Teach them to do the opposite and then they get a reward. I taught my two how to sit and lay down the first week I had them. They learned to sit before I put down their food bowl. They come right to the area with their treats and they automatically sit. They will sit before I open a door or now they look and ask permission from me before they get to go out (this is biting me in the butt a bit as they won't use the doggy door unless I tell them it's ok and defeats the purpose of the doggy door). He can't be running around all crazy if he is sitting or laying down in order to get a treat. I also had rope toys because I wanted them to play with me, not just each other. They've grown out of them but when they were small they loved them and kept them a bit separated while I still got to play with them. I would handle their mouth and often swipe my finger in there to make sure they weren't chewing on something they shouldn't. Also started cleaning their teeth. They still aren't fans of the teeth cleaning but I have pulled out crap they chew on from underneath their tongues, in their cheek, etc., and they just sit while I do it. Maybe because I had two so I always had to carry them facing away from me. So I learned to scoop them up from behind and when they get too crazy I would do that and then rock them and sing Disney tunes to help them calm down. Once at daycare, the people there were surprised how they would regulate themselves between play and sleep unlike other dogs that age. I think between helping them calm down and making sure they got very regular naps throughout the day early on, they just got used to it when they went to daycare. I also wanted them to know that my hands and being held by me was always about love so that they would never be afraid of me.
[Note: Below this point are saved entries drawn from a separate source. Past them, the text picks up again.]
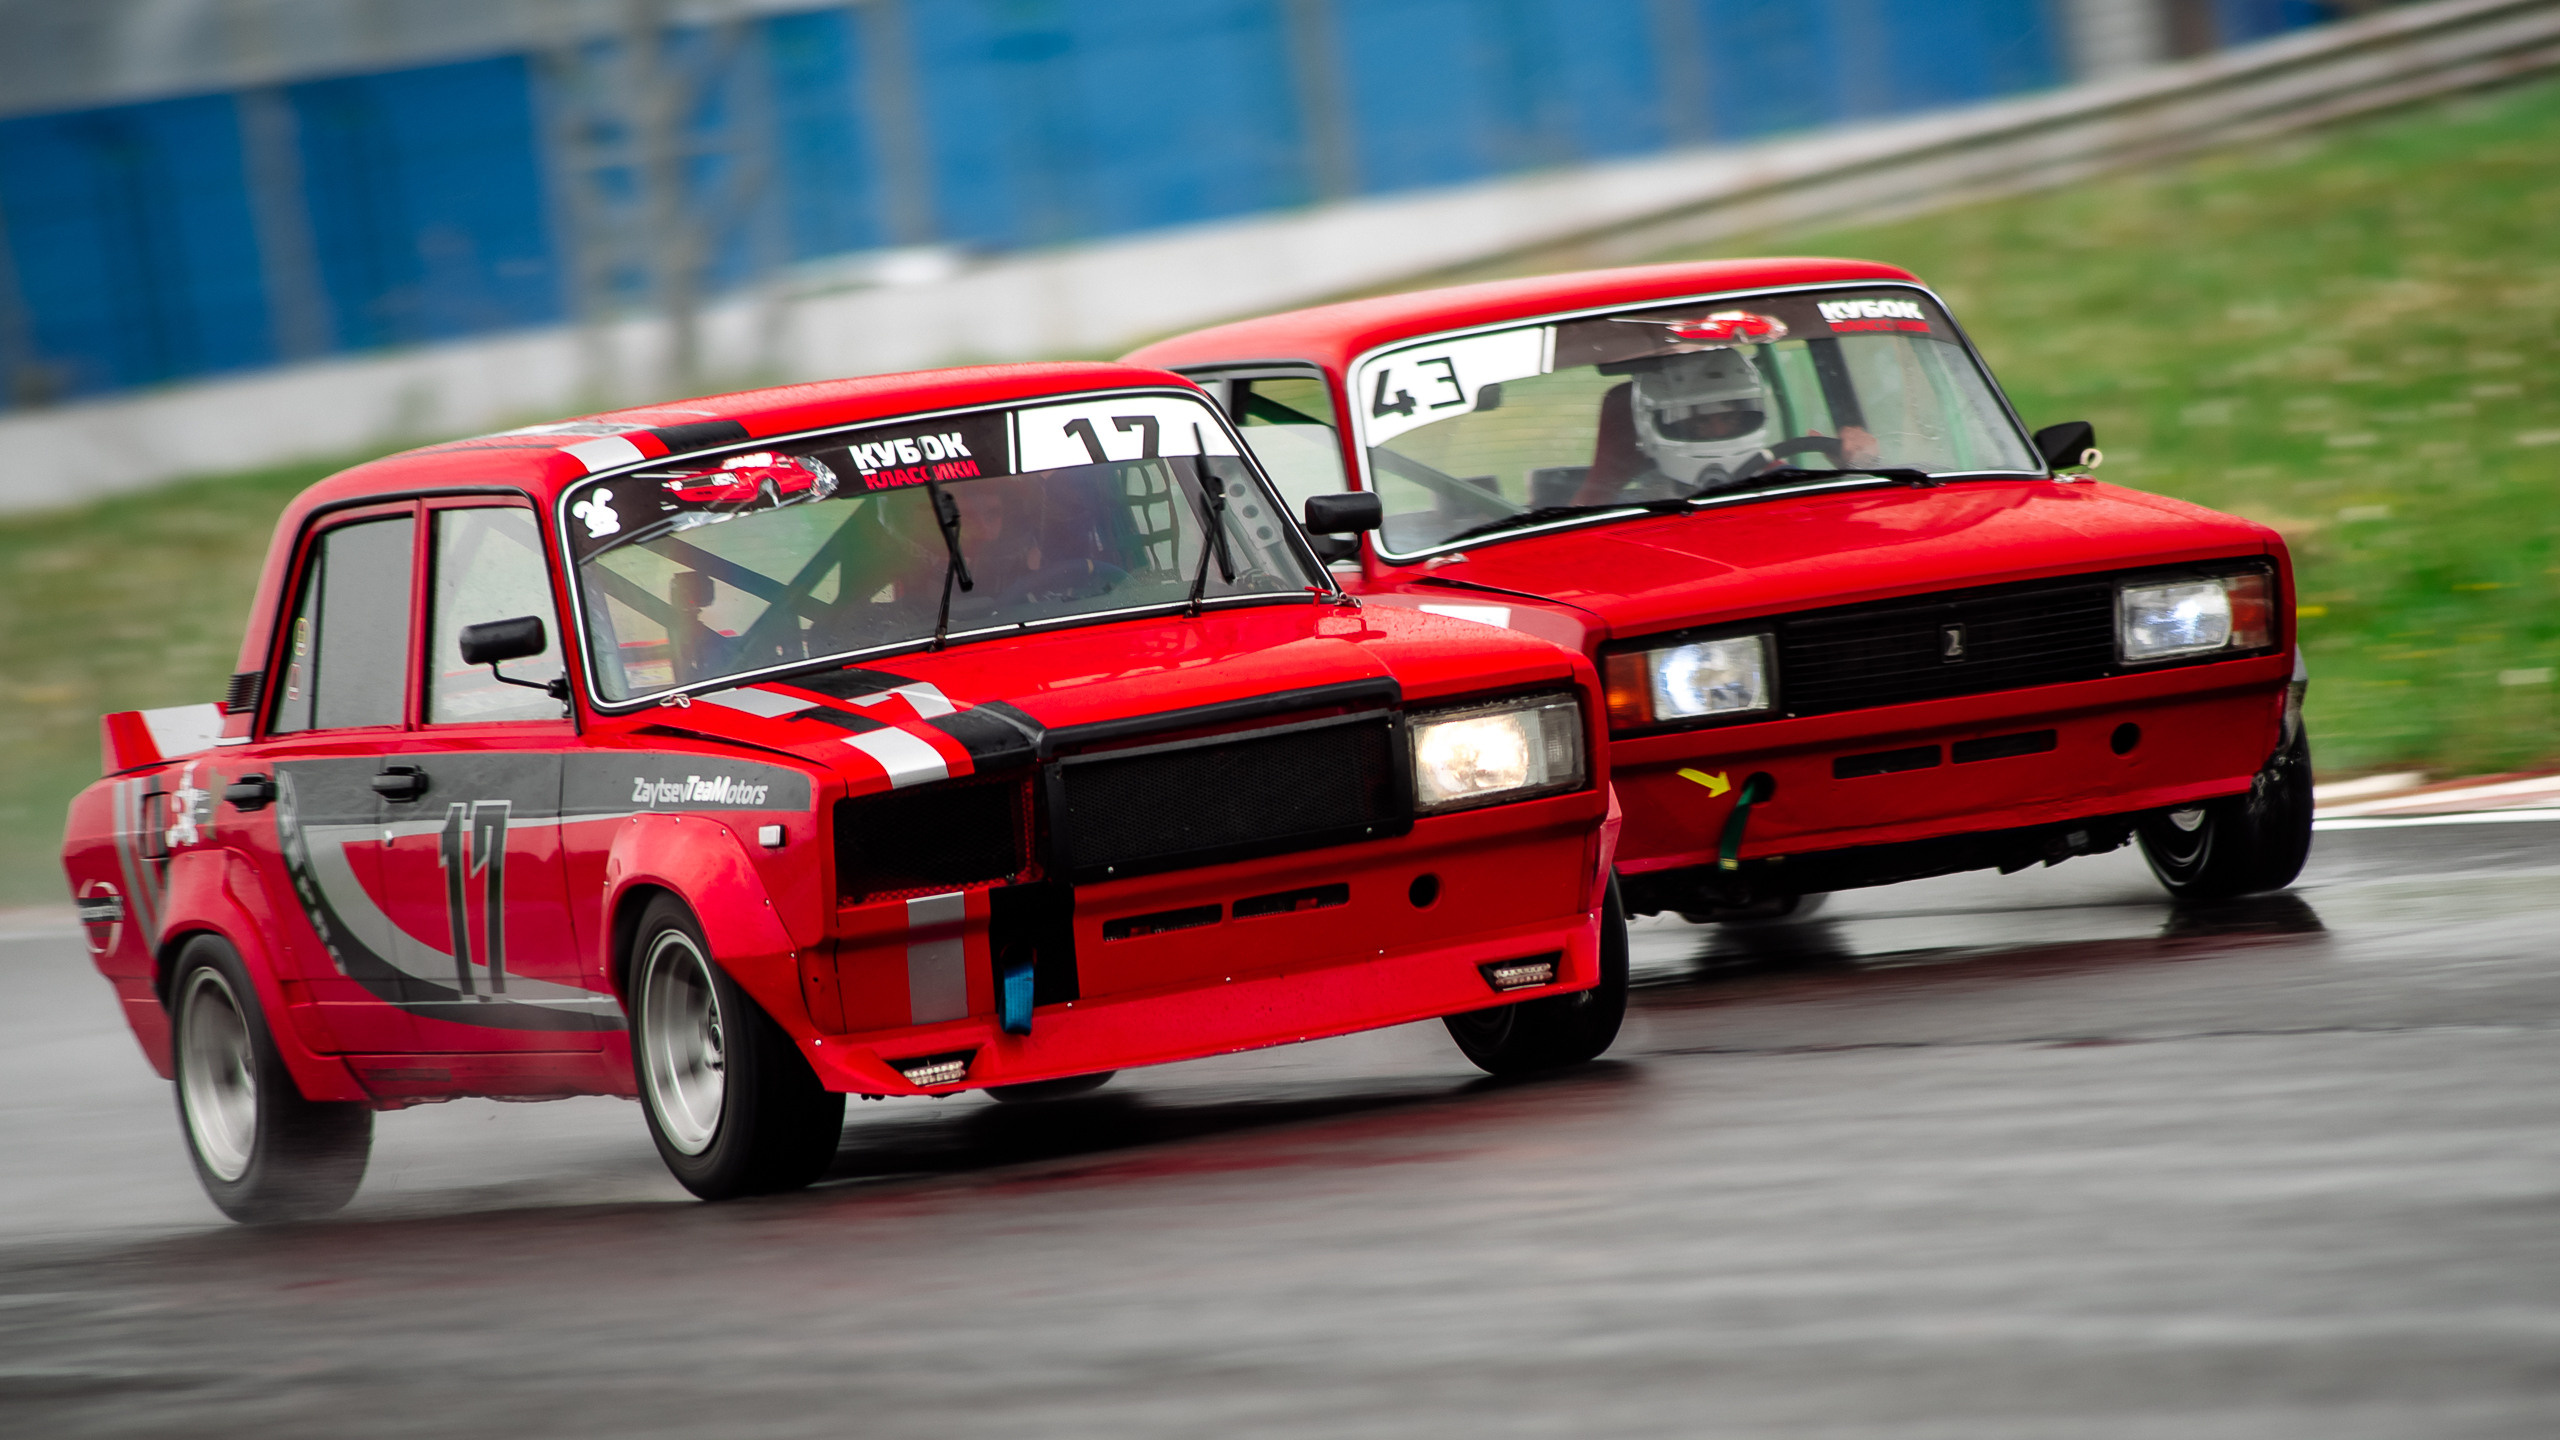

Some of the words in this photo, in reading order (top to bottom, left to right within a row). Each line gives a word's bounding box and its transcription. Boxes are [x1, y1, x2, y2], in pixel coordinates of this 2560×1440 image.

[1816, 300, 1925, 320] КУБОК
[1373, 356, 1466, 419] 43
[848, 432, 972, 470] КУБОК
[1063, 415, 1160, 464] 17
[863, 460, 981, 490] КЛАССИКИ
[438, 800, 512, 1002] 17
It wasn't always easy. And I still have moments of frustration and momentary feelings of hopelessness. But the support from these wonderful people on ILMC was tremendous help. But my puppies almost a year old are the sweetest most loving beings. All they want to do is play with you and kiss you. 

Sorry for the long post. Lying with Lexi curled up next to me and Beemer happily sleeping on hi bed near my feet makes me want to talk about them even more. 
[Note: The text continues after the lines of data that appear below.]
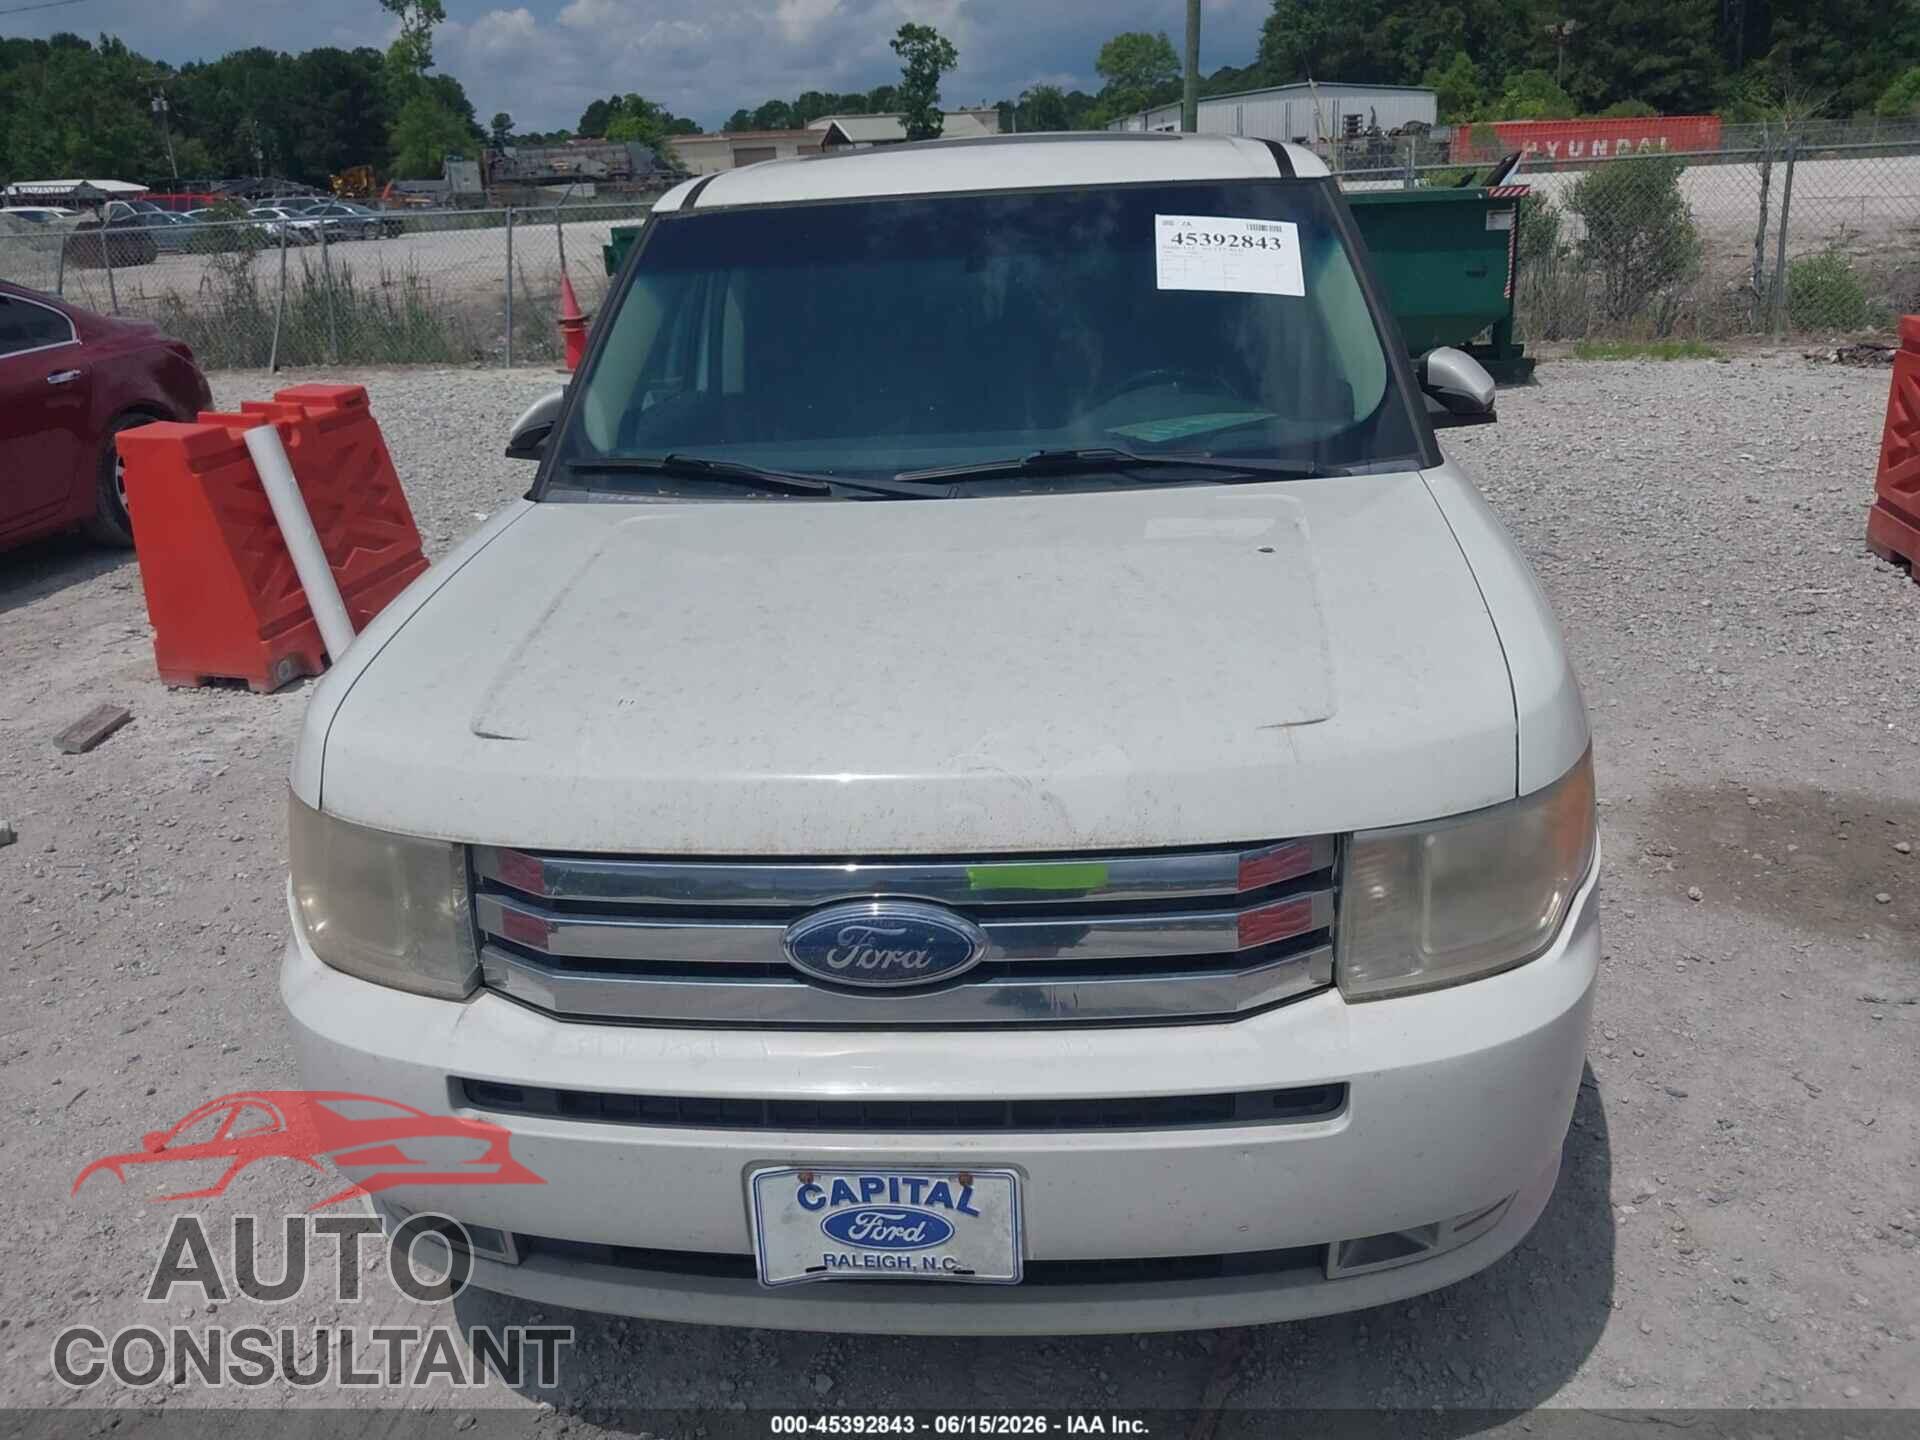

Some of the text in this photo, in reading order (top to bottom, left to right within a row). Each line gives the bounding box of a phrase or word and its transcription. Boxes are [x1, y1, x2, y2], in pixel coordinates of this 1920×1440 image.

[1522, 137, 1668, 158] HYUNDAI
[1171, 232, 1282, 251] 45392843
[826, 925, 935, 969] Ford
[797, 1177, 980, 1217] CAPITAL
[848, 1212, 926, 1242] Ford
[823, 1254, 917, 1270] RALEIGH,
Sent from Petguide.com Free App


----------



## Marzi

Hope you are having a better day today. It seems to me that acutally often how we view our puppy's behaviour does depend slightly on how we are feeling 

Everyone else has already said it all, just wanted to say - we've all felt your pain!
Your chap is a baby dog, baby dogs' play involves teeth - they do learn bite inhibition eventually.
Stay calm, be consistent, praise rather than punish and above all let your pup sleep! You are aiming at 18-20 hours in a 24 hour period. That is a heck of a lot of sleep. Half an hours play, outside for a wee, shut behind a baby gate or in a puppy pen with a few chew toys and peace and quiet and he'll probably crash out. Leave him alone he'll probably sleep for 2-3 hours. As they get older their need for sleep drops off a bit, but also your training will start to pay off and he will become calmer. 
Don't give up.
Remember _Stay calm, be consistent, praise rather than punish and above all let your pup sleep! _ and always be gentle- he is just a little, little guy he will learn.


----------



## Yami

Thanks for your reply...ILMC has definitely helped with the frustrations and your replies help me see I'm not alone in the puppy madness lol.
Chance also learned to sit already, and he does it before feeding him or a treat aswell, and those are parts of the wonderful lil moments.


----------



## dio.ren

Glad you are seeing the positive in Yami Molly learned to sit the first few days we had her I used her kibble as treats. The she learned down in no time and that one is harder. They are very smart. Short training sessions work great when they are young cause they can't concentrate too long. Also if you can take him to puppy socials that will help a lot too. We used to take Molly and it would completely tire her out. She didn't have all her shots but all the puppies were the same so it was safe and a good way to socialize.


----------



## Grove

Marzi said:


> Remember _Stay calm, be consistent, praise rather than punish and above all let your pup sleep! _ and always be gentle- he is just a little, little guy he will learn.


This is all you need to know!


----------



## Abby

We have had a terrible winter here and many days it has been too cold and too stormy (75 km/h winds with blowing snow) to take puppy out longer than for the time it takes to pee and poo. Those days made for some challenging behaviour because she needed more exercise - tired puppies go wild but so do bored puppies! Now that it is still very wintery but not so extreme I have her out for longer walks as often as I can manage in a day and her behaviour is much better most of the time.


----------